Innovación

Un algoritmo para encontrar la fuente de los bulos

Twitter ha matado ya a muchísima gente. Lo hizo no hace mucho con Gabriel García Márquez y muchos twitteros de referencia lo dieron por bueno. También ha creado falsas hecatombes políticas, como el golpe de estado en Portugal que nunca fue y que elevó a trending topic el #prayforPortugal. Muchas veces, los mentirosos que inician estas historias dan la cara y reivindican su acción. Muchas otras, sin embargo, y como en las buenas leyendas urbanas, nunca se llega a saber de dónde ha salido la información y todo se queda en la nebulosa de la incerteza.
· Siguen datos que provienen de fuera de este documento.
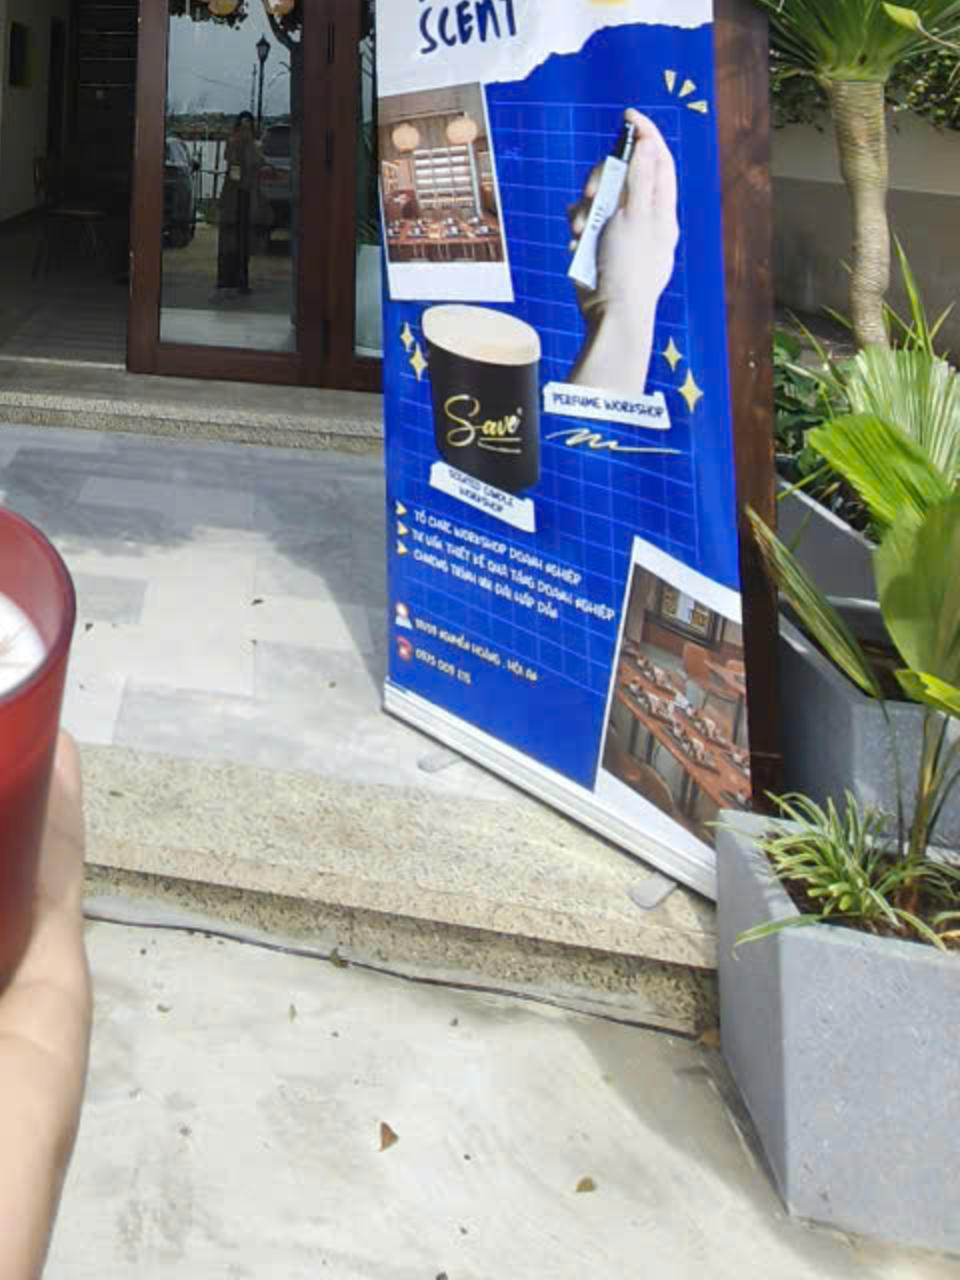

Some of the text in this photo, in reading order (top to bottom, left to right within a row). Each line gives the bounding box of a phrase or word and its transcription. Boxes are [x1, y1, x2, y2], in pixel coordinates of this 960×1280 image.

[444, 394, 521, 447] Save
[552, 393, 664, 417] PERFUME WORKSHOP
[452, 526, 507, 554] WORKSHOP
[509, 546, 543, 570] DOANH
[537, 579, 573, 604] DOANH
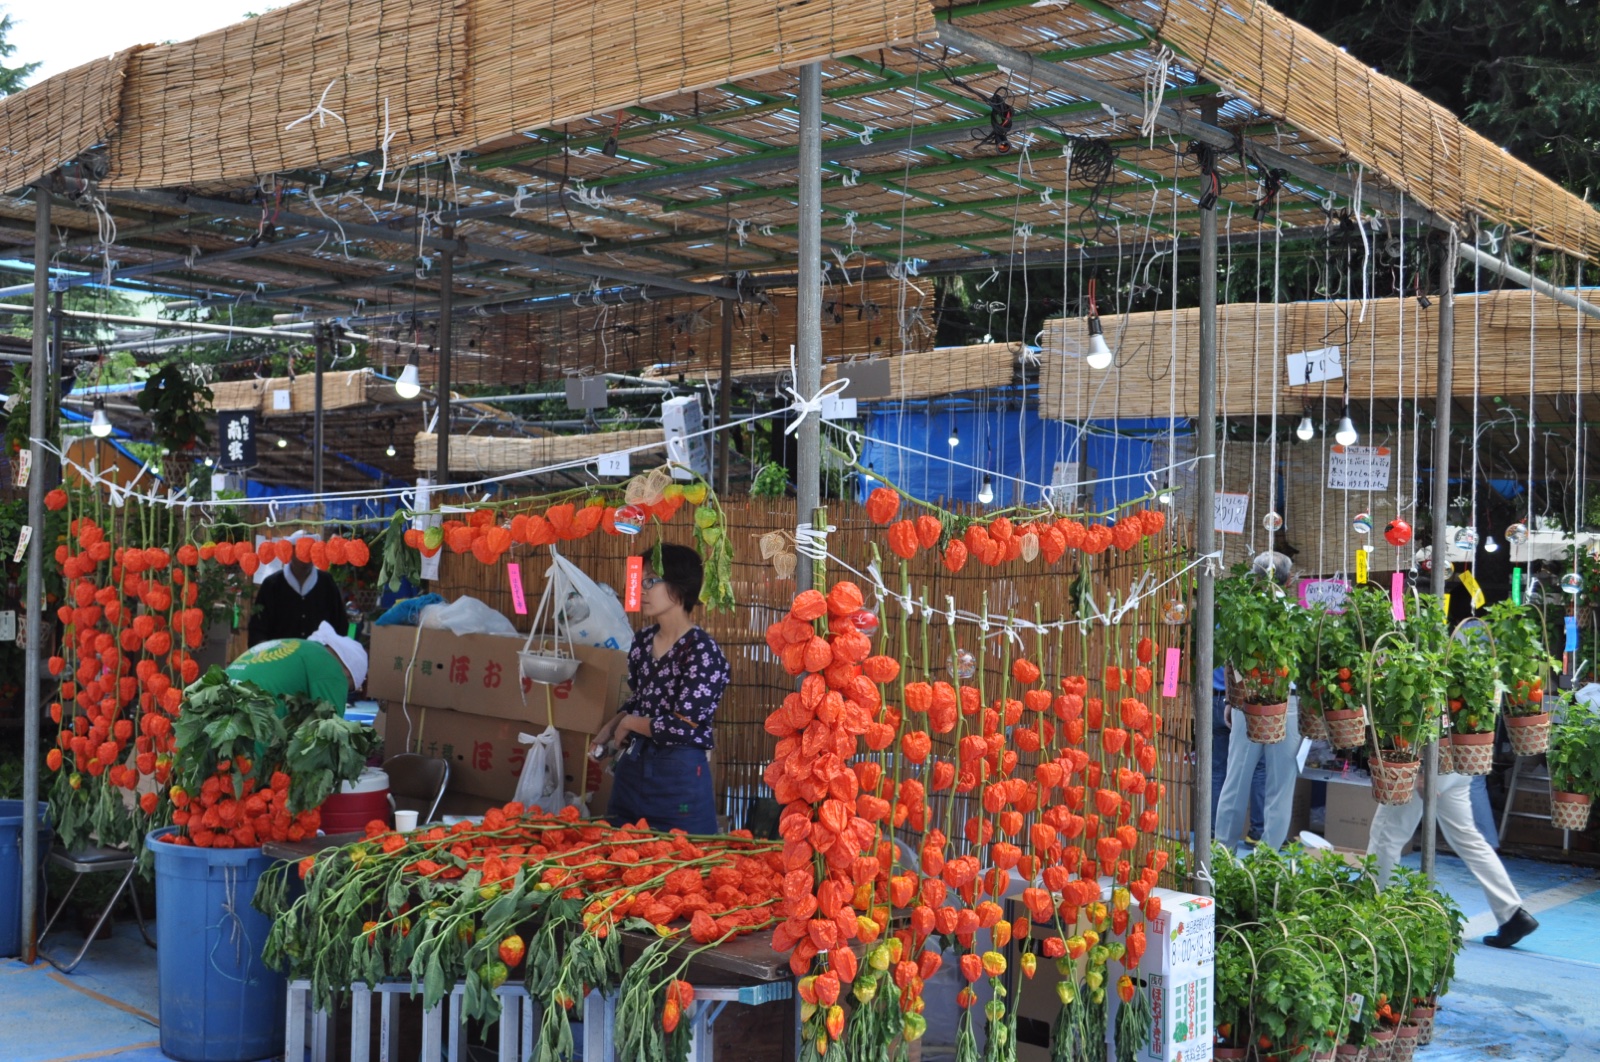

Pero ahora ya se puede descubrir cómo empezaron las mentiras gracias a la siempre rigurosa investigación científica. El sistema se puede emplear para encontrar el origen de todo aquello que se ‘contagie’ en red, desde virus hasta mensajes de una célula terrorista hasta – claro está – las mentiras que acechan en las redes sociales. Pedro Pinto y su equipo, de la Ecole polytechnique fédérale de Lausanne, se han inspirado en el funcionamiento de las torres de telecomunicaciones, que emplean una estructura de nodos para llegar a los usuarios. Cada torre se comunica con otra y todas se van uniendo en una red entretejida de contactos. Los rumores, los virus o la contaminación de los ríos funcionan así y, con poca información sobre lo que ocurre, se puede llegar al origen de los mismos. Para ello han adaptado el método de funcionamiento de las redes wireless, que triangulan la posición del objeto que se conecta en base a la información que reciben, para encontrarlo.

“Gracias a nuestro método, conseguimos llegar a la fuente de todo tipo de informaciones que circulen en una red no escuchando más que a un número limitado de miembros de la misma”, explica a LeMonde Pinto. De su investigación se ha derivado un algoritmo que permitirá establecer con un margen de error bastante pequeño el origen de las mismas.

Aunque el principal fin de este algoritmo es trazar el origen de las epidemias (y de hecho ya lo han probado con éxito para determinar el origen de una epidemia de cólera en África, como han indicado en la presentación de resultados), también se puede aplicar a otras necesidades: siempre que la información se mueva en red (y que es más en red que internet y el social media en particular) el algoritmo es aplicable.